I went back and  watched the 1964 stop-motion TV special that I remember watching excitedly every year of my childhood.  Back then we couldn't click to watch just about anything ever made instantly.  We would have to wait until the one time a year they would play classic's like Rudolph or The Wizard of Oz.  These were family events that were looked forward to with great anticipation.  We would have snacks and popcorn and all gather in the living room and we would join together as a family to share this special event.

Everyone knows the story of Rudolph the little reindeer that was born different.  His parents are ashamed and try to keep secret his difference from the others.  Sound familiar to anyone.  This is a story that offers a message that is so much broader than just to LGBT kids, though I think definitely the hiding of the secret is most applicable to our community.  But the story is bigger.  It is also about the misfits, those who feel they don't belong.  The elf that wants to be a dentist and he is shunned and made fun of.  Who gay or straight, black or white, muslim, Christian or Jew cannot identify.  This is a message that I dare say every single person on earth can identify with at some point in their life.

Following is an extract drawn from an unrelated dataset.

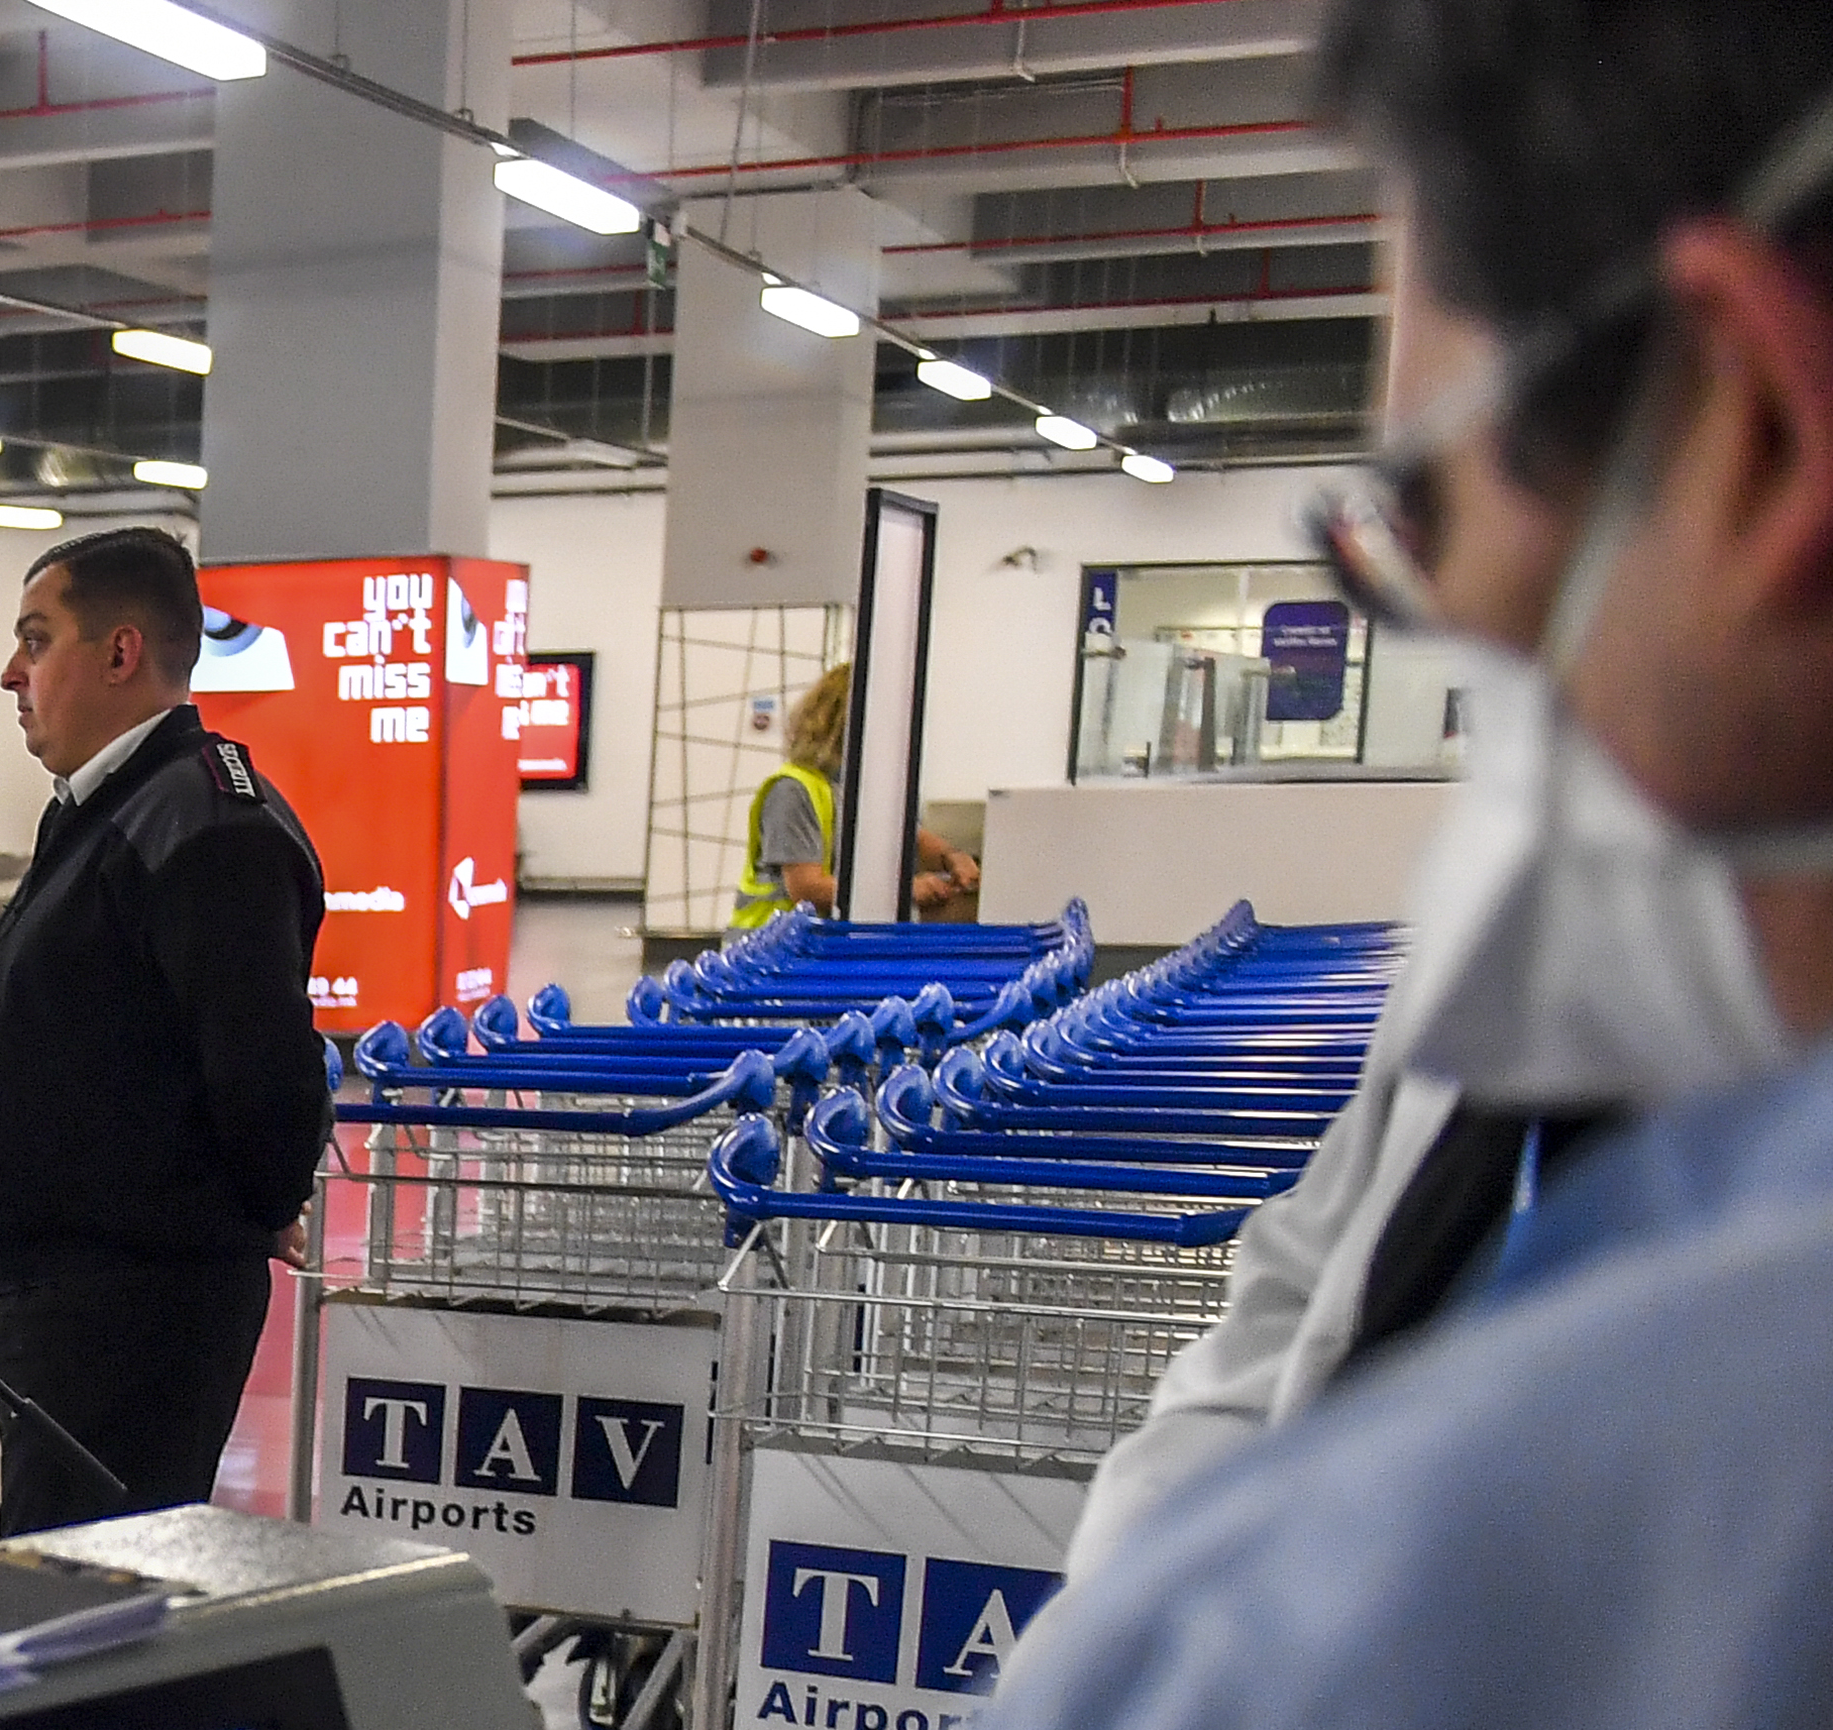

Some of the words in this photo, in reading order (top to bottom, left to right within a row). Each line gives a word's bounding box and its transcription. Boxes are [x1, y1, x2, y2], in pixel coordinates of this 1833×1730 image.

It is for this reason that I love the story of Rudolph and think it is the best choice of all the holiday fare coming to a stage near you for kids young and old.  It offers something that most other shows cannot.  There is the great nostalgia for the grown ups.  Who did not watch this special year after year and has not continued that tradition with their own children.  Most importantly is the story and underlying message that it offers.




I caught up with Wesley Edwards who plays Hermey, the elf who so desperately wants to be a dentist.  This is his third year with the show and I caught him literally out of breath walking off stage from the final curtain call of a matinee  performance on a day that he would perform the show four times.  Why this show I asked.  “I love children's theater.  It is my biggest passion as far as theater goes.  It is such a cool audience to perform for.  This is the first experience in theater for some of these kids so to see their faces every night to bring that experience to them is really a dream come true.”

Edwards admits bringing such an iconic and beloved TV special to life requires respect for the original.  “I think staying true to the 1964 original is something we try so hard for every night so people have that feeling of nostalgia,  the feeling that your lunch box came to life or you feel like you are gathered around the TV watching it in 1964.”  The cast even spends time with a voice coach to make sure they are matching those voices that we are all so familiar with from the TV special.


While all these elements from the sets to the voices are entrical parts of the show Edwards stresses we must not forget the message.  “I think the most important part of the show is the message of our story.  It is as pertinent in today's world as it was in 1964.  The idea that we can all work together and use our unique traits to save the day.  Remembering that everyone is special instead of bullying people.  Celebrating those differences instead of making fun of them.  Those differences can build a community.”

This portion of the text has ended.